Stored data entries ▸
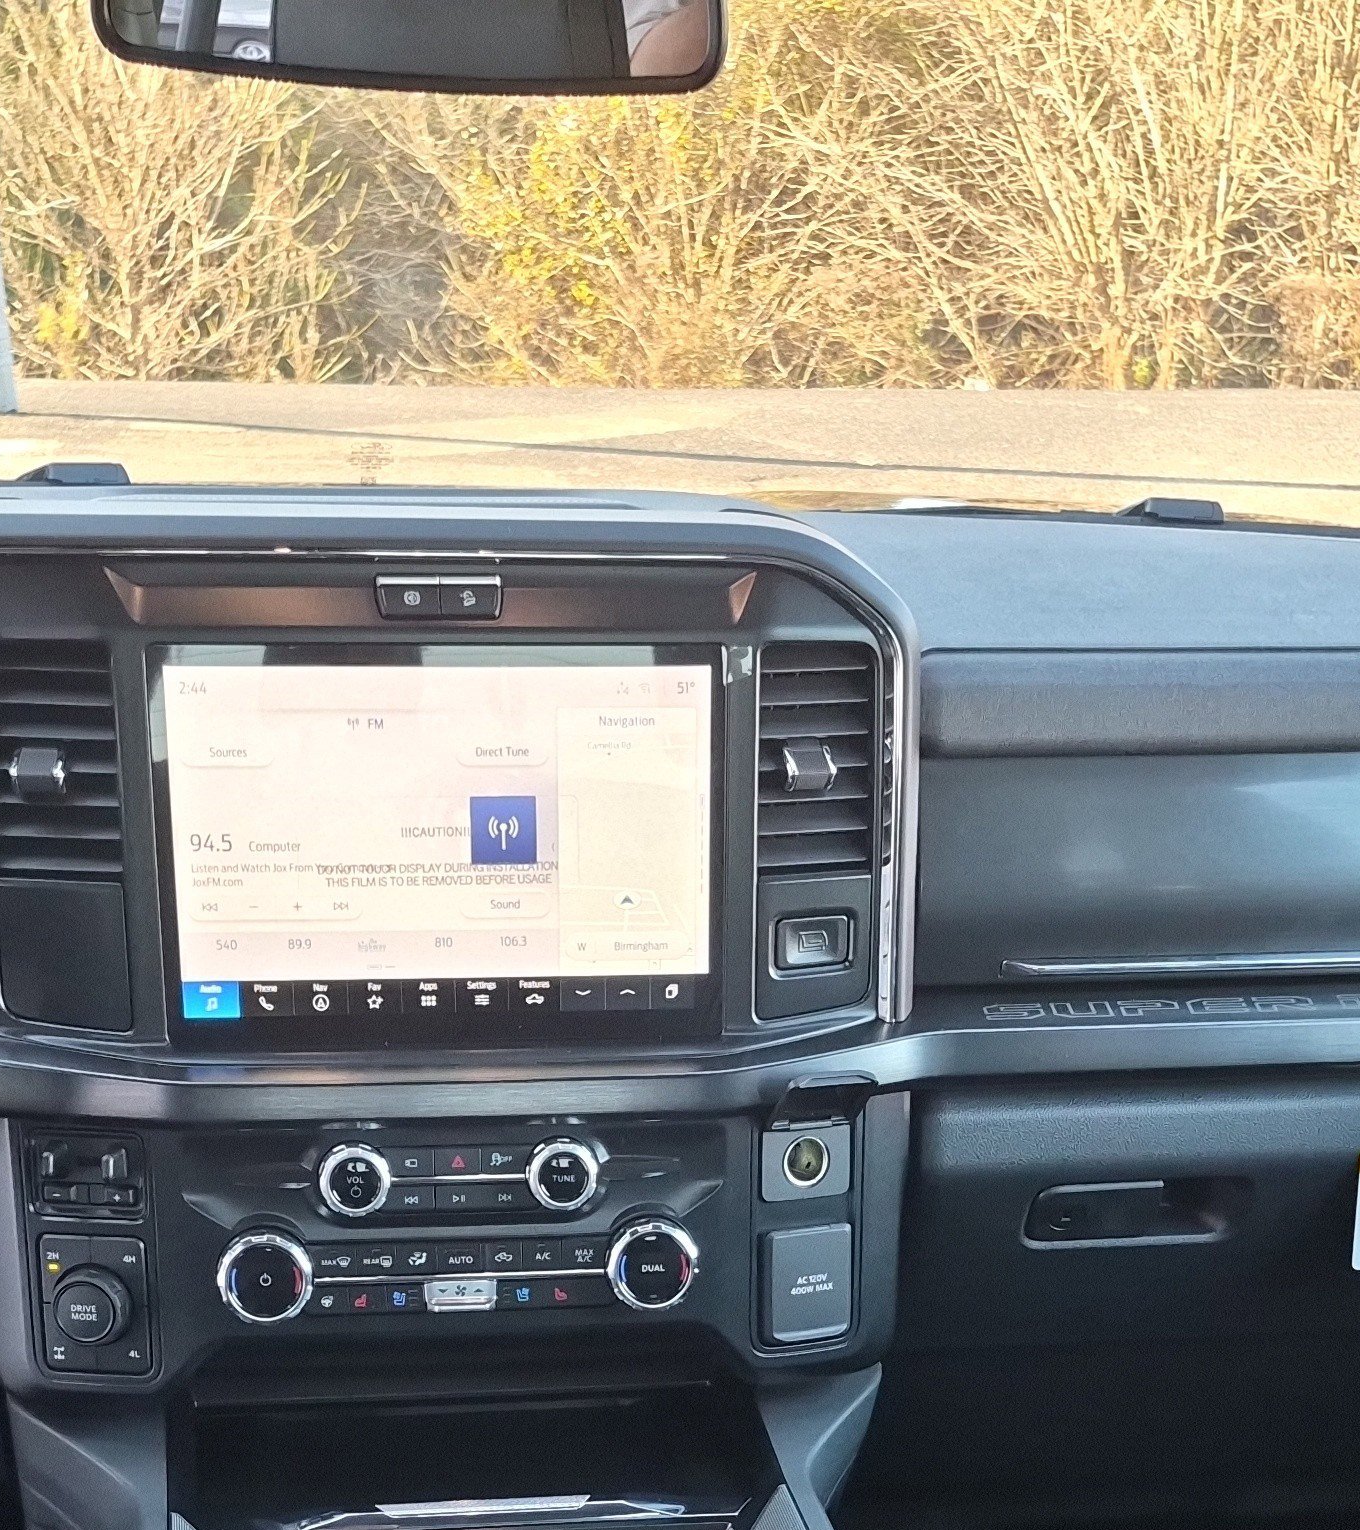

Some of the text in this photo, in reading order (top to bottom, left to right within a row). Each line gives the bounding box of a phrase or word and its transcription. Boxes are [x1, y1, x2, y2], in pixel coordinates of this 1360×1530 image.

[179, 681, 207, 695] 2:44
[677, 681, 696, 695] 51°
[367, 718, 384, 730] FM
[599, 715, 655, 728] Navigation
[209, 746, 248, 759] Sources
[475, 746, 530, 758] Direct Tune
[190, 833, 233, 853] 94.5
[248, 840, 301, 854] Computer
[191, 863, 220, 874] Listen
[221, 863, 239, 874] and
[240, 863, 271, 873] Watch
[272, 863, 287, 873] Jox
[289, 863, 314, 873] From
[399, 863, 442, 874] DISPLAY
[444, 862, 485, 873] DURING
[486, 861, 559, 872] INSTALLATION
[192, 877, 244, 888] JoxFM.com
[325, 873, 553, 888] THIS FILM IS TO BE REMOVED BEFORE USAGE
[490, 899, 521, 910] Sound
[216, 939, 238, 951] 540
[288, 938, 312, 950] 89.9
[435, 936, 453, 948] 810
[500, 935, 527, 947] 106.3
[577, 942, 587, 952] W
[614, 941, 669, 953] Birmingham
[199, 984, 222, 994] Audio
[253, 983, 278, 993] Phone
[312, 983, 328, 992] Nav
[367, 981, 382, 991] Fav
[419, 981, 438, 992] Apps
[467, 980, 497, 990] Settings
[519, 979, 551, 989] Features
[982, 994, 1317, 1020] SUPER
[346, 1176, 364, 1184] VOL
[552, 1174, 576, 1183] TUNE
[46, 1251, 60, 1260] 2H
[122, 1255, 136, 1263] 4H
[448, 1255, 474, 1264] AUTO
[535, 1252, 551, 1260] A/C
[577, 1255, 592, 1263] A/C
[641, 1264, 665, 1272] DUAL
[796, 1273, 828, 1285] AC 120V
[790, 1281, 833, 1295] 400W MAX
[70, 1304, 97, 1313] DRIVE
[71, 1313, 98, 1321] MODE
[128, 1350, 141, 1358] 4L
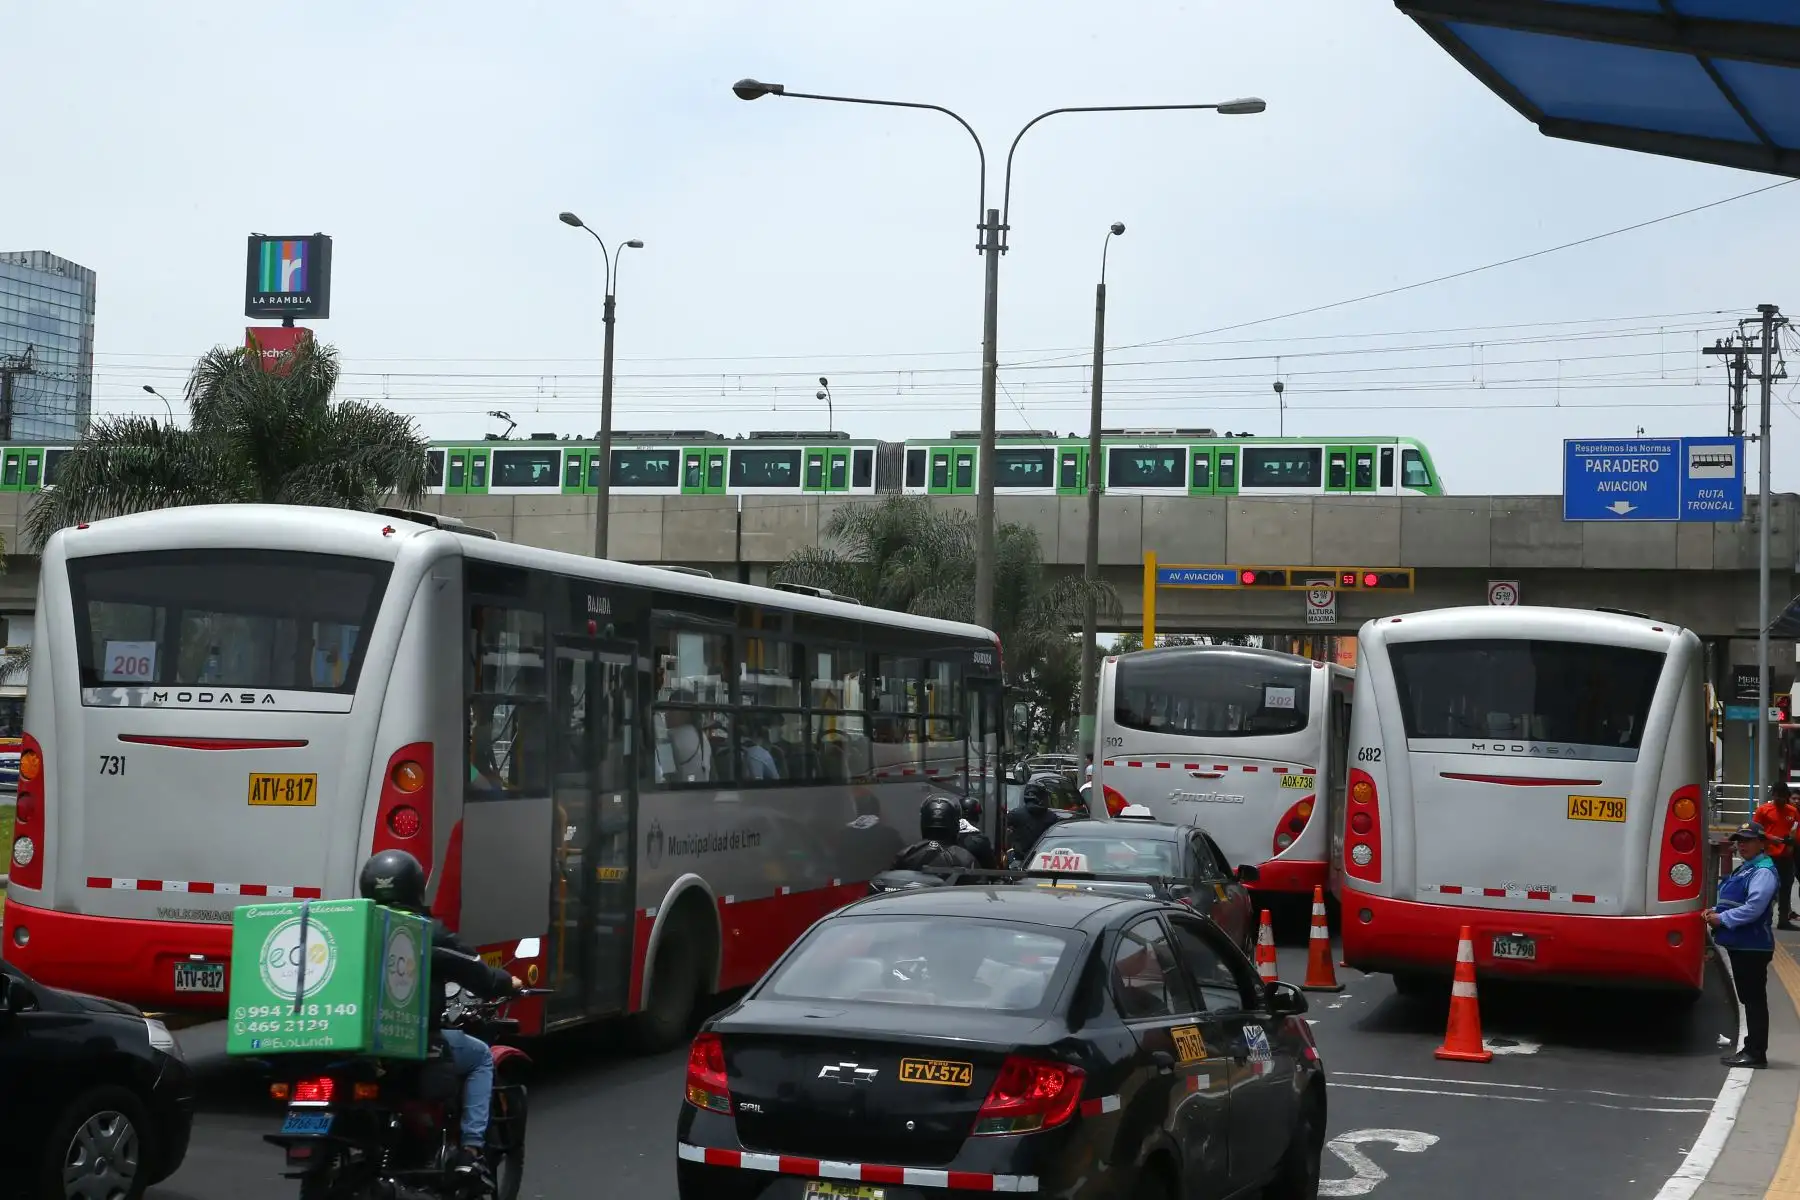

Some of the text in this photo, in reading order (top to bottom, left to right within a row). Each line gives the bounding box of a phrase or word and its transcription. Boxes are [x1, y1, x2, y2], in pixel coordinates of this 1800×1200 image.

Brief ▸ You are asked to reproduce each line above exactly, but to exclude the pictures.

Task response ▸
Some of the text in this photo, in reading order (top to bottom, left to right within a row). Each line gives the bounding box of a phrase or word and its transcription. Boxes are [x1, y1, x2, y2], in pixel coordinates of this 1360×1530 image.

[179, 681, 207, 695] 2:44
[677, 681, 696, 695] 51°
[367, 718, 384, 730] FM
[599, 715, 655, 728] Navigation
[209, 746, 248, 759] Sources
[475, 746, 530, 758] Direct Tune
[190, 833, 233, 853] 94.5
[248, 840, 301, 854] Computer
[191, 863, 220, 874] Listen
[221, 863, 239, 874] and
[240, 863, 271, 873] Watch
[272, 863, 287, 873] Jox
[289, 863, 314, 873] From
[399, 863, 442, 874] DISPLAY
[444, 862, 485, 873] DURING
[486, 861, 559, 872] INSTALLATION
[192, 877, 244, 888] JoxFM.com
[325, 873, 553, 888] THIS FILM IS TO BE REMOVED BEFORE USAGE
[490, 899, 521, 910] Sound
[216, 939, 238, 951] 540
[288, 938, 312, 950] 89.9
[435, 936, 453, 948] 810
[500, 935, 527, 947] 106.3
[577, 942, 587, 952] W
[614, 941, 669, 953] Birmingham
[199, 984, 222, 994] Audio
[253, 983, 278, 993] Phone
[312, 983, 328, 992] Nav
[367, 981, 382, 991] Fav
[419, 981, 438, 992] Apps
[467, 980, 497, 990] Settings
[519, 979, 551, 989] Features
[982, 994, 1317, 1020] SUPER
[346, 1176, 364, 1184] VOL
[552, 1174, 576, 1183] TUNE
[46, 1251, 60, 1260] 2H
[122, 1255, 136, 1263] 4H
[448, 1255, 474, 1264] AUTO
[535, 1252, 551, 1260] A/C
[577, 1255, 592, 1263] A/C
[641, 1264, 665, 1272] DUAL
[796, 1273, 828, 1285] AC 120V
[790, 1281, 833, 1295] 400W MAX
[70, 1304, 97, 1313] DRIVE
[71, 1313, 98, 1321] MODE
[128, 1350, 141, 1358] 4L

Some of the text in this photo, in reading order (top to bottom, left to right within a row). Each line gives the bounding box of a phrase or word and its transcription. Boxes are [x1, y1, x2, y2], in pixel coordinates of this 1800×1200 image.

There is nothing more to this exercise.